DATA SHOWN
::::
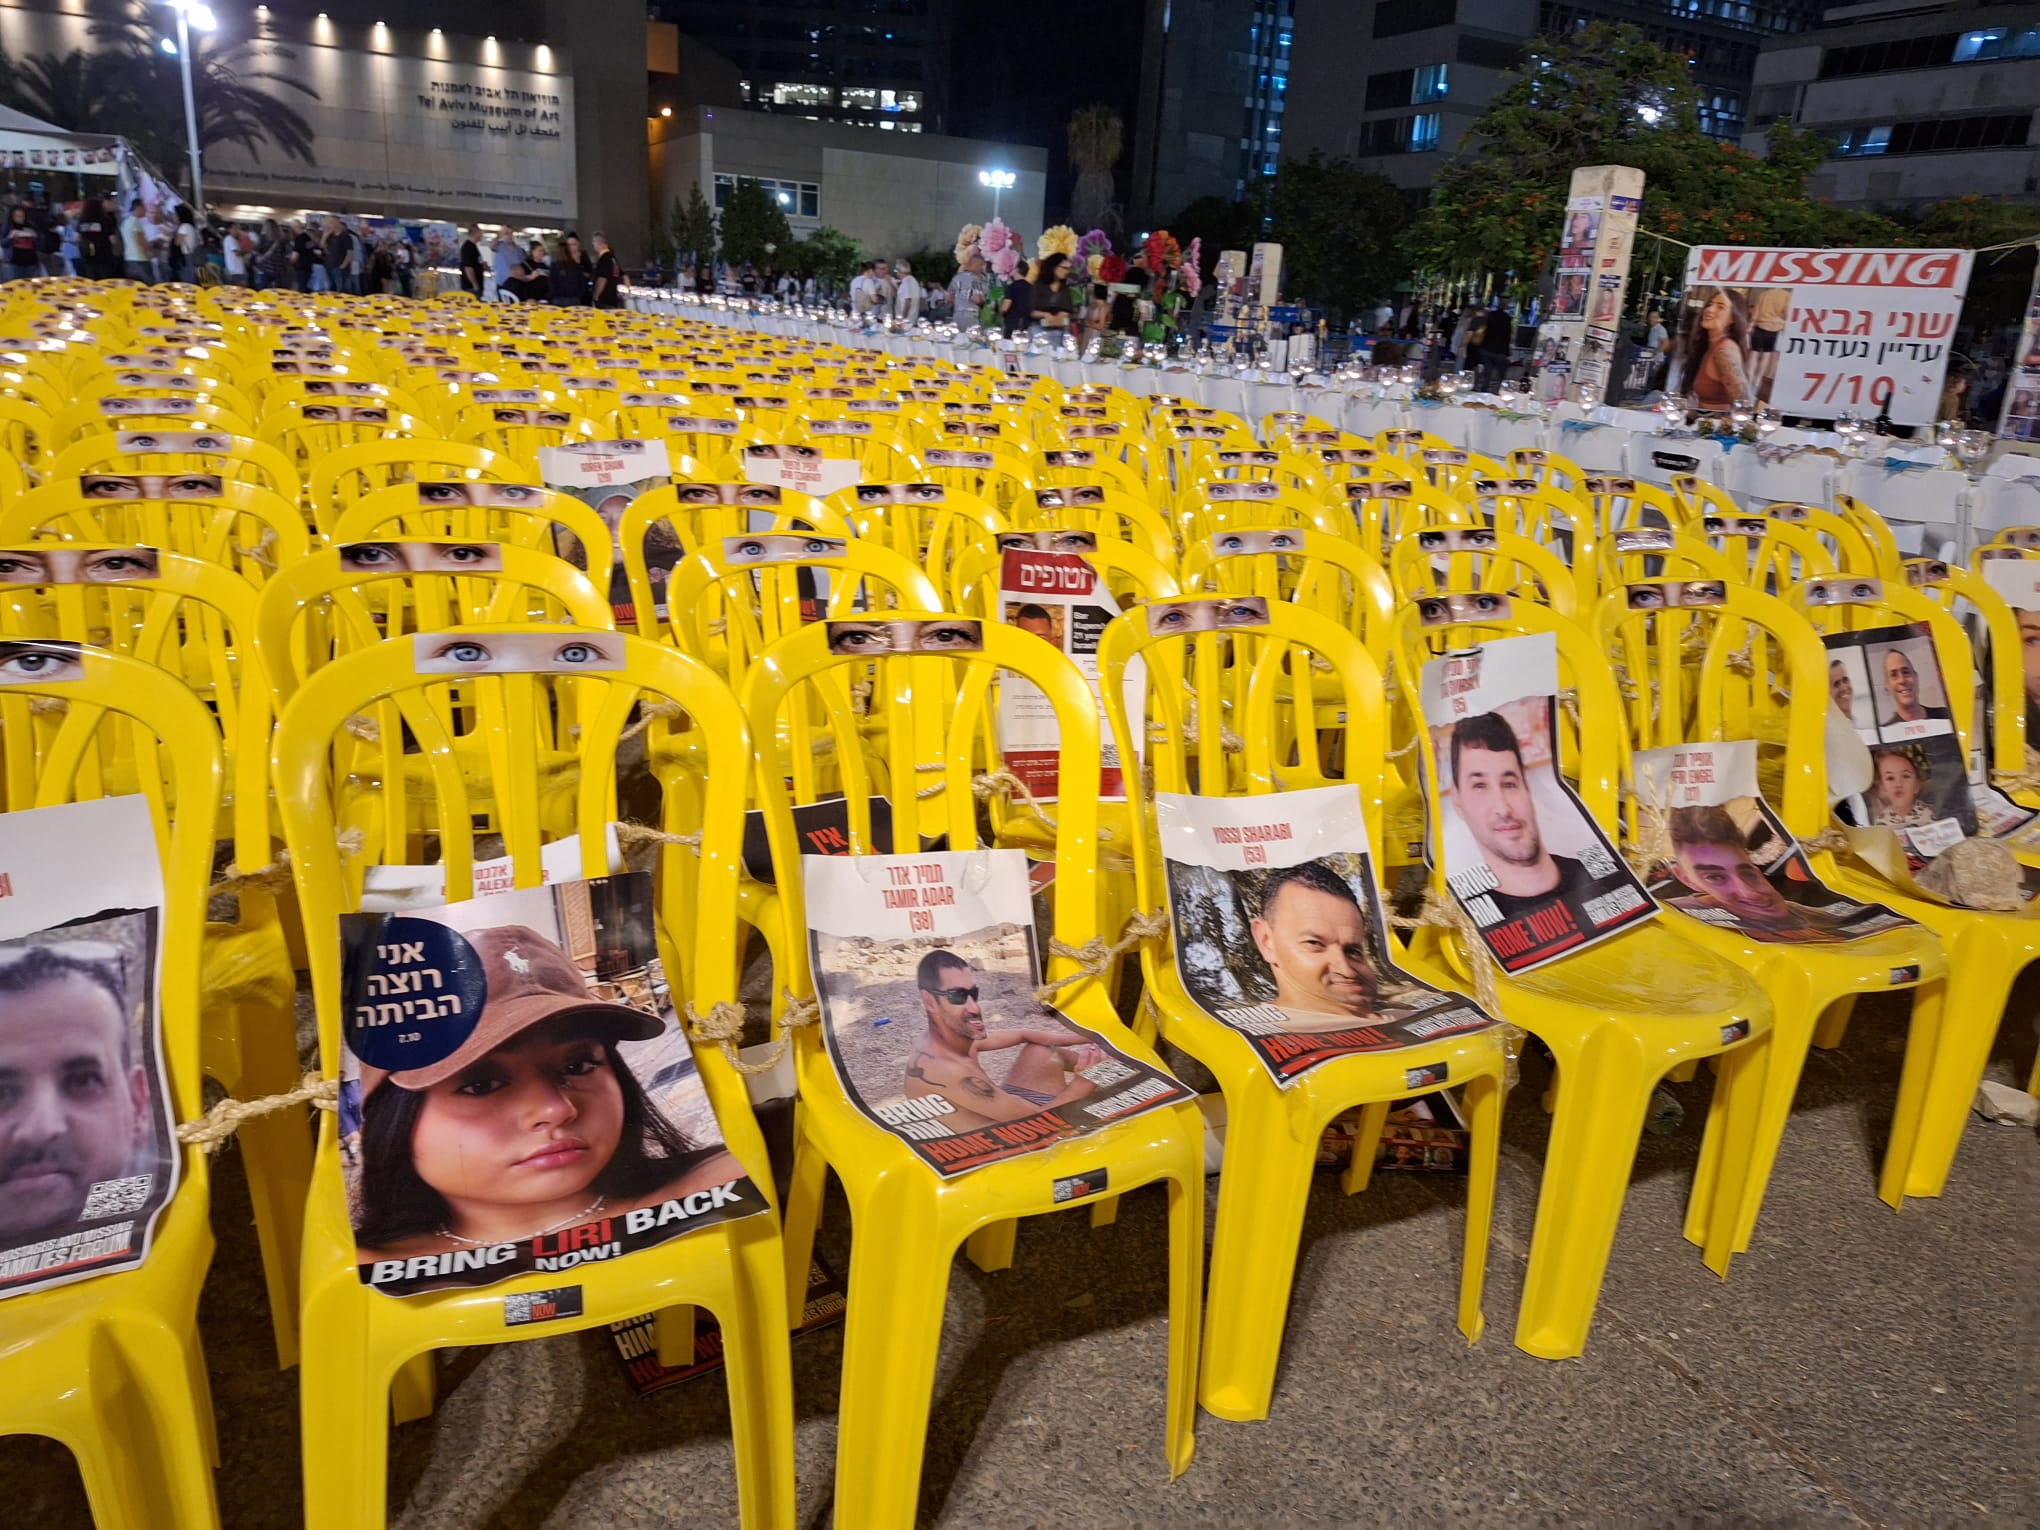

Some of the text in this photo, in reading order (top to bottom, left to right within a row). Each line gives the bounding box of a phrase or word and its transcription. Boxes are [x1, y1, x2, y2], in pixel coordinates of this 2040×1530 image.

[431, 81, 472, 94] לאמנות
[475, 86, 501, 99] אביב
[504, 88, 520, 99] תל
[417, 95, 560, 121] Tel Aviv Museum of Art
[1701, 252, 1953, 285] MISSING
[1791, 307, 1954, 339] שני גבאי
[1786, 338, 1943, 365] עדיין נעדרת
[1801, 373, 1896, 406] 7/10
[1212, 822, 1293, 844] YOSSI SHARABI
[1242, 843, 1267, 865] (53)
[886, 863, 944, 886] תמיר אדר
[1446, 864, 1502, 900] BRING
[882, 885, 955, 909] TAMIR ADAR
[1461, 893, 1506, 928] HIM
[909, 909, 935, 933] (38)
[1484, 899, 1578, 959] HOME NOW!
[377, 941, 426, 965] אני
[367, 968, 443, 997] רוצה
[356, 994, 462, 1028] הביתה
[1214, 1003, 1291, 1024] BRING
[1260, 1034, 1333, 1063] HOME
[871, 1094, 958, 1126] BRING
[893, 1120, 957, 1140] HIM
[921, 1110, 1073, 1164] HOME NOW!
[371, 1180, 743, 1284] BRING LIRI BACK
[535, 1242, 622, 1272] NOW!
[531, 1302, 556, 1318] NOW
::::
WORK ITEM
Produce an exact copy of every line above, with the images left out.

RESULT OF THIS TASK
Some of the text in this photo, in reading order (top to bottom, left to right within a row). Each line gives the bounding box of a phrase or word and its transcription. Boxes are [x1, y1, x2, y2], in pixel coordinates of this 2040×1530 image.

[431, 81, 472, 94] לאמנות
[475, 86, 501, 99] אביב
[504, 88, 520, 99] תל
[417, 95, 560, 121] Tel Aviv Museum of Art
[1701, 252, 1953, 285] MISSING
[1791, 307, 1954, 339] שני גבאי
[1786, 338, 1943, 365] עדיין נעדרת
[1801, 373, 1896, 406] 7/10
[1212, 822, 1293, 844] YOSSI SHARABI
[1242, 843, 1267, 865] (53)
[886, 863, 944, 886] תמיר אדר
[1446, 864, 1502, 900] BRING
[882, 885, 955, 909] TAMIR ADAR
[1461, 893, 1506, 928] HIM
[909, 909, 935, 933] (38)
[1484, 899, 1578, 959] HOME NOW!
[377, 941, 426, 965] אני
[367, 968, 443, 997] רוצה
[356, 994, 462, 1028] הביתה
[1214, 1003, 1291, 1024] BRING
[1260, 1034, 1333, 1063] HOME
[871, 1094, 958, 1126] BRING
[893, 1120, 957, 1140] HIM
[921, 1110, 1073, 1164] HOME NOW!
[371, 1180, 743, 1284] BRING LIRI BACK
[535, 1242, 622, 1272] NOW!
[531, 1302, 556, 1318] NOW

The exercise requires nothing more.